Directions → Set down all the entries again, word for word.

Stored data entries
------------------------------------------------

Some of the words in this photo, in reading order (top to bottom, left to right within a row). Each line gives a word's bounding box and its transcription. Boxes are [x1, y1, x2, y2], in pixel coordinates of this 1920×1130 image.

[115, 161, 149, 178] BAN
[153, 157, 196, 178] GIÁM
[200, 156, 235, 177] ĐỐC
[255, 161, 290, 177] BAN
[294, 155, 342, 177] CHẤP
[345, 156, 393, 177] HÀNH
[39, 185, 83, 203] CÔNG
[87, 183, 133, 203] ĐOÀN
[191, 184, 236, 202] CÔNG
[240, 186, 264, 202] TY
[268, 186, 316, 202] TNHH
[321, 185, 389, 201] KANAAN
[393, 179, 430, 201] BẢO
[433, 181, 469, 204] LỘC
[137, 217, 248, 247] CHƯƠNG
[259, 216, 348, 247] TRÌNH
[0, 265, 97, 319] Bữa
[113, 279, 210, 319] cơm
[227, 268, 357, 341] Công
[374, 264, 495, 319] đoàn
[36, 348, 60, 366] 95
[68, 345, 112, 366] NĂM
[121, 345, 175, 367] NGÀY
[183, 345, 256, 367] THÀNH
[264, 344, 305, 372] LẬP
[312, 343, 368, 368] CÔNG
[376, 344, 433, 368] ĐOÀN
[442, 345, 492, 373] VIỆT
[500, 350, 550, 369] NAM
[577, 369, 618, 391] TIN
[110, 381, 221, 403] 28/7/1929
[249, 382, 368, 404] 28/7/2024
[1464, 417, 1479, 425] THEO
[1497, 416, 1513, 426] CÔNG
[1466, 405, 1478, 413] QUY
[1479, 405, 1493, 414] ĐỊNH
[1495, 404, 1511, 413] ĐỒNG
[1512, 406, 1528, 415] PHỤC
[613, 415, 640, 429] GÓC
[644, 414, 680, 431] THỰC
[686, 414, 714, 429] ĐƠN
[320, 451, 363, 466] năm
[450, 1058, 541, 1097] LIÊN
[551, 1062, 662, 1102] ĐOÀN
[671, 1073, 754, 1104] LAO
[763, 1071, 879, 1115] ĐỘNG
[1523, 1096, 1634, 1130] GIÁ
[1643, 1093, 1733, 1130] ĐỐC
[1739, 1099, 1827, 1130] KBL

------------------------------------------------

Response to this exercise →
Some of the words in this photo, in reading order (top to bottom, left to right within a row). Each line gives a word's bounding box and its transcription. Boxes are [x1, y1, x2, y2], in pixel coordinates of this 1920×1130 image.

[115, 161, 149, 178] BAN
[153, 157, 196, 178] GIÁM
[200, 156, 235, 177] ĐỐC
[255, 161, 290, 177] BAN
[294, 155, 342, 177] CHẤP
[345, 156, 393, 177] HÀNH
[39, 185, 83, 203] CÔNG
[87, 183, 133, 203] ĐOÀN
[191, 184, 236, 202] CÔNG
[240, 186, 264, 202] TY
[268, 186, 316, 202] TNHH
[321, 185, 389, 201] KANAAN
[393, 179, 430, 201] BẢO
[433, 181, 469, 204] LỘC
[137, 217, 248, 247] CHƯƠNG
[259, 216, 348, 247] TRÌNH
[0, 265, 97, 319] Bữa
[113, 279, 210, 319] cơm
[227, 268, 357, 341] Công
[374, 264, 495, 319] đoàn
[36, 348, 60, 366] 95
[68, 345, 112, 366] NĂM
[121, 345, 175, 367] NGÀY
[183, 345, 256, 367] THÀNH
[264, 344, 305, 372] LẬP
[312, 343, 368, 368] CÔNG
[376, 344, 433, 368] ĐOÀN
[442, 345, 492, 373] VIỆT
[500, 350, 550, 369] NAM
[577, 369, 618, 391] TIN
[110, 381, 221, 403] 28/7/1929
[249, 382, 368, 404] 28/7/2024
[1464, 417, 1479, 425] THEO
[1497, 416, 1513, 426] CÔNG
[1466, 405, 1478, 413] QUY
[1479, 405, 1493, 414] ĐỊNH
[1495, 404, 1511, 413] ĐỒNG
[1512, 406, 1528, 415] PHỤC
[613, 415, 640, 429] GÓC
[644, 414, 680, 431] THỰC
[686, 414, 714, 429] ĐƠN
[320, 451, 363, 466] năm
[450, 1058, 541, 1097] LIÊN
[551, 1062, 662, 1102] ĐOÀN
[671, 1073, 754, 1104] LAO
[763, 1071, 879, 1115] ĐỘNG
[1523, 1096, 1634, 1130] GIÁ
[1643, 1093, 1733, 1130] ĐỐC
[1739, 1099, 1827, 1130] KBL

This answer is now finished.